Spectra recorded by FTIR provide information on the chemical composition and features of the mineralogical samples. Some of the FTIR spectra have been investigated in detail to discriminate halloysite from kaolinite and compare the spectra with the USGS spectral library and literature [42]. Halloysite-rich samples have greater H2O intensities in the 1900 nm range relative to pure kaolinite samples (Figure 6a), which is expected due to the interlayer water component in halloysite [43]. This effect is even more pronounced in the reference spectra showing pure mineral concentrates (Figure 6b). Absorption features for the H2O intensity in the analysed samples in this study are consistently shifted to lower wavelengths for halloysite-rich samples (~1912 nm) relative to pure kaolinite-rich samples (~1915 nm; Table 1). Moreover, the absorption features and shapes of the OH-stretching bands differ between pure kaolinite and kaolinite–halloysite mixtures. In the latter, the OH-doublet absorption feature is ~70% further apart compared with pure kaolinite (see inset in Figure 6a). The absorption feature for the second OH-intensity is also consistently shifted by 1 nm (Table 1). The absorption feature shapes of the intensities at ~2700 nm are also susceptible to the halloysite/kaolinite ratio (cf. Figure 6a,b), with narrower features encountered for halloysite-rich samples. The described differences within the 500–3000 nm spectral range observed in Figure 6 are picked up in detail by the machine-learnt model. For the machine-learnt model, the spectral range of 350–44,701.59 nm was considered.

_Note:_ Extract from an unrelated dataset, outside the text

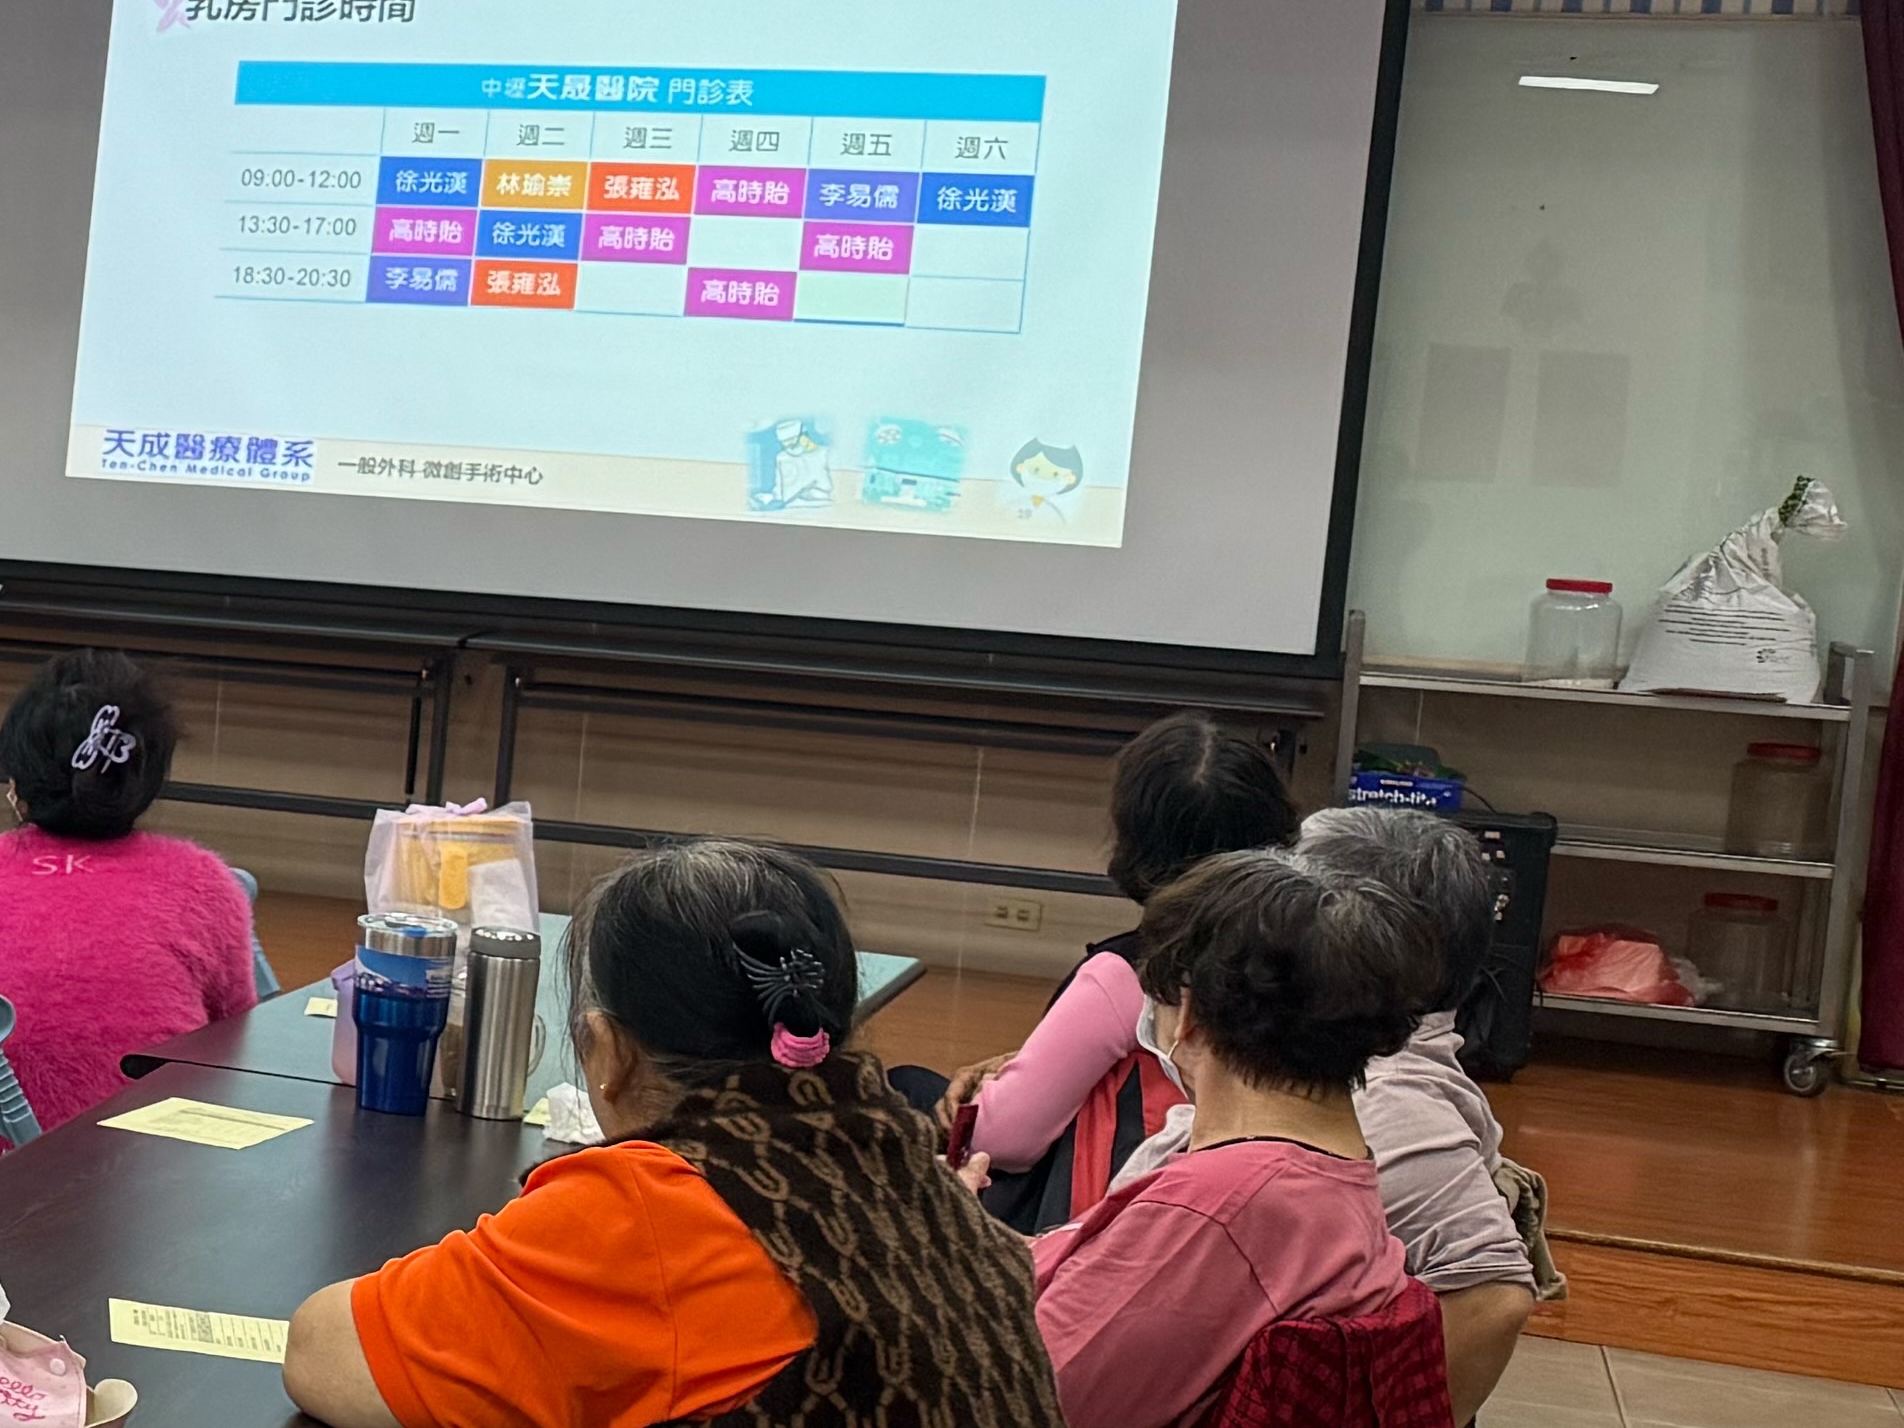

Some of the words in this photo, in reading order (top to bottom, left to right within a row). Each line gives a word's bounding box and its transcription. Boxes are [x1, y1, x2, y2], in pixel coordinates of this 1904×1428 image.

3.4. Kaolinite Machine-Learnt Model

Multiple models were assessed to identify the best approach to predict kaolinite (wt.%) from Fe2O3 (wt.%), Al2O3 (wt.%), SiO2 (wt.%), TiO2 (wt.%), CaO (wt.%), K2O (wt.%), Na2O (wt.%), MgO (wt.%), P (wt.%), LOI (wt.%), brightness, and FTIR spectra from 350–44,701.59 nm. To assess the model performance, the mean absolute error (MAE) was used along with the R2. The MAE is a measure of how big an error can be expected from the forecast on average and is robust to data with outliers. In ML, negative MAE is used for optimisation, with a value of 0 representing no errors. Models are ranked from best to worst in the table below (Table 2). The ML ensemble model provided the best prediction performance. In contrast, the other six models (RLS, EN, Lasso, RR, OLS, and EN PCA 5) produced simpler, easily explainable models, but with lower accuracy (Table 2). The high dimensional data used for modelling here, in which the number of features (p) is much larger than the number of observations (n), is handled much better by the ML algorithms, which can analyse high dimensional non-linear systems much better than the rest of the modelling methods. The ML ensemble model evaluation was completed by shuffled K-fold model cross-validation (K number of splits = 10, repeats = 3) of the test data (20% of the full dataset). Boxplots of these results are presented in Figure 7.
Ensemble methods are techniques that create multiple models and then combine them to produce improved results. Ensemble methods usually produce more accurate solutions than a single model would. For the final voting algorithm (Figure 7), weighted averaging of the base models is used. Weighted averaging is a slightly modified version of simple averaging, where the prediction of each base model is multiplied by the weight, and then, the average is calculated for the voting model. This method often reduces overfit and creates a smoother regression model. On this basis, the ML ensemble is the preferred approach to predict the kaolinite abundance.
The comparison of the kaolinite (wt.%) measured by XRD and predicted kaolinite (wt.%) by the ML ensemble is presented in Figure 8; it has an excellent R2 = 0.97 and an MAE of −0.052. The R2 and MAE of all the models tested are summarised in (Table 2). It is important to note that the R2 of 0.97 was only achieved by combining all techniques in the ML ensemble (FTIR, XRF, LOI, and brightness data). When solely employing FTIR data, the R2 is 0.93, suggesting that FTIR is the key technique to predict the mineral abundance. However, without the input of XRF, LOI, and brightness data, the prediction is not as robust.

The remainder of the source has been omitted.